Charles and John Wesley in some ways presaged the later romantic movement, with its emphases on the lower classes, upheaval, and above all, imagination and strong feelings.

Lower classes: Contemporary with the Wesleys was Jean Jacques Rousseau and his romanticized “noble savage.” (John Wesley found himself disabused of this notion in America; he reported, “All except perhaps the Choctaws are gluttons, thieves, dissemblers, liars.”) Yet the clientele of the Wesleys were usually commoners. Charles Wesley penned: “Outcasts of men, to you I call, / Harlots and publicans and thieves.”

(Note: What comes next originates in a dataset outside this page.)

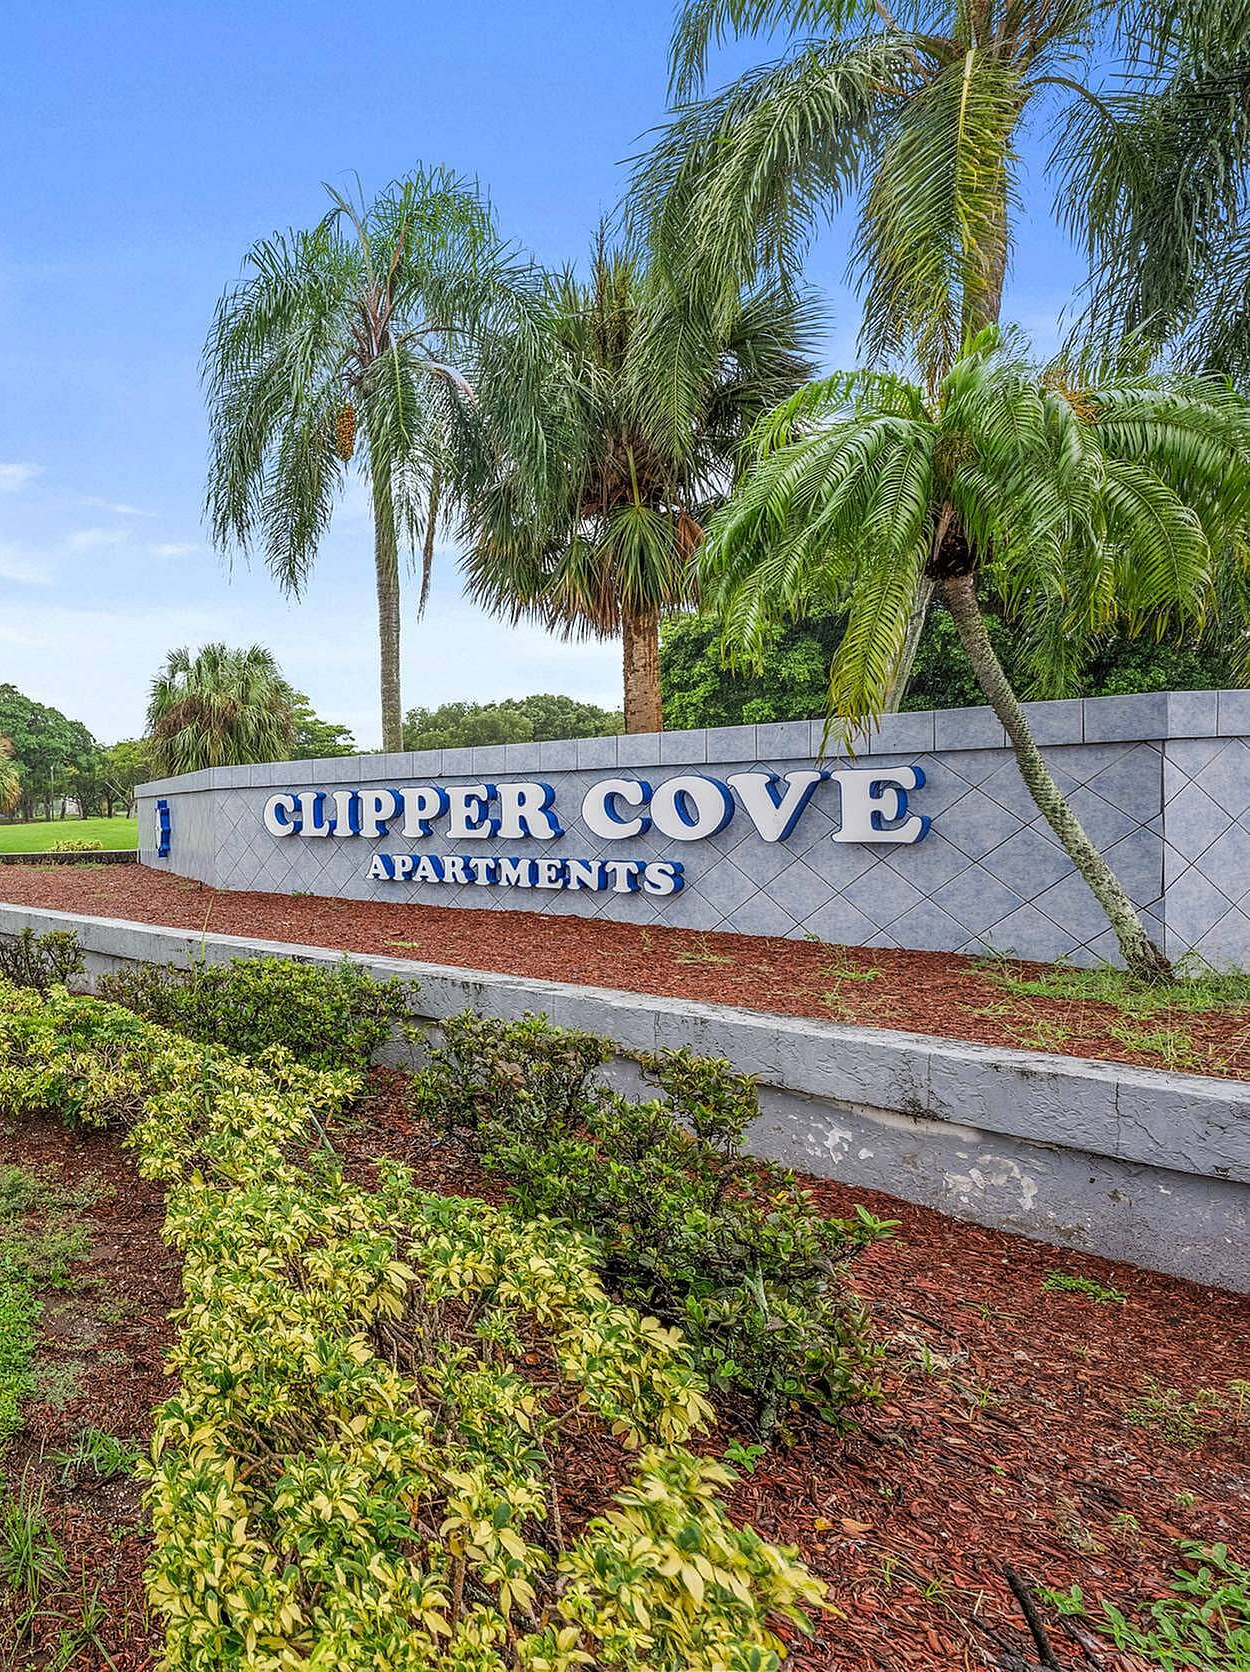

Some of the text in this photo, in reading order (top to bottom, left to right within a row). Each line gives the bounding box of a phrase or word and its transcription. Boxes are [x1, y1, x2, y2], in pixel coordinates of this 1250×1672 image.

[263, 766, 930, 843] CLIPPER COVE
[366, 853, 684, 895] APARTMENTS
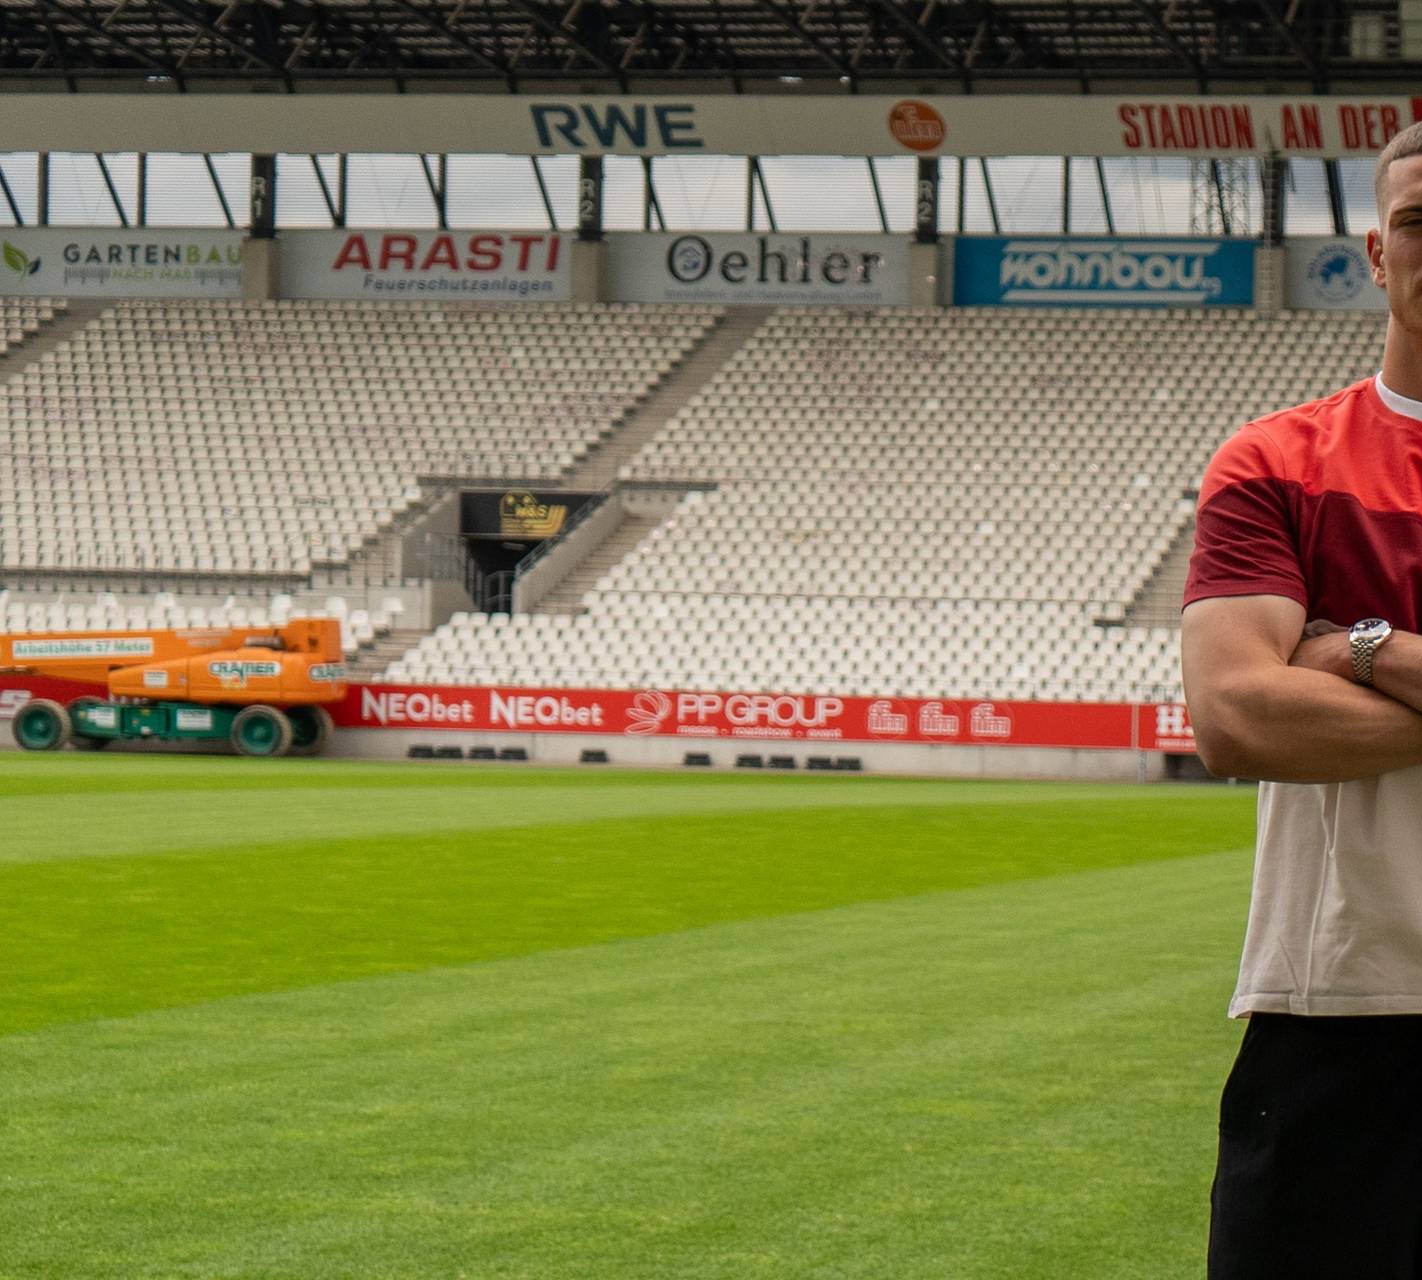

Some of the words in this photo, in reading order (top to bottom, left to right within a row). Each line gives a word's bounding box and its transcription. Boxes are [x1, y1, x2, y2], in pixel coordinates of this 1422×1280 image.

Upheaval: The spirit of the French revolutions of 1789 and 1830 is captured in Delacroix’s painting Liberty Guiding the People (a bare-breasted French woman with Phrygian cap and musket, leading the onslaught). England was spared such revolutionary political upheaval; many church historians have argued that it was because of the spiritual revolution, linked to the Wesleys, that swept the country. Drunkards, wife beaters, and rabble-rousers found their lives revolutionized by the Wesleys’ message.

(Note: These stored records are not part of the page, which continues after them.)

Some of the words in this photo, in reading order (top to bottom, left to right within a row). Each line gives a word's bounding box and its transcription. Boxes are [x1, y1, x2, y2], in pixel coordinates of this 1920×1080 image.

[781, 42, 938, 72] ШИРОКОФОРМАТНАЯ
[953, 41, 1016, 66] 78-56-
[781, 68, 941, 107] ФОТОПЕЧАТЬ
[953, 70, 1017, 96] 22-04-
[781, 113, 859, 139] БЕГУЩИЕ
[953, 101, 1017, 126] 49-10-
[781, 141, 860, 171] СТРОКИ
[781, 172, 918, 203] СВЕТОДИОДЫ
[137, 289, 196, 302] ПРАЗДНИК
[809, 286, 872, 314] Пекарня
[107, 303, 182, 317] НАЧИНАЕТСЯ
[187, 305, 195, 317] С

Emotion: Eighteenth-century poetry had been “held in the Arctic grip of [Alexander Pope’s] heroic couplet,” according to Ernest Rattenbury. Yet the second stanza of Charles’s conversion hymn captures the distinctive Wesleyan trademark of feeling: “O how shall I the goodness tell, / Father, which Thou to me hast showed, / That I, a child of wrath and hell, / I should be called a child of God! /Should know, should feel my sins forgiven / Blest with this antepast of heaven!” Similarly, in one stanza omitted from “And Can It Be,” a couplet asserts: “I feel the life His wounds impart; I feel the Saviour in my heart.”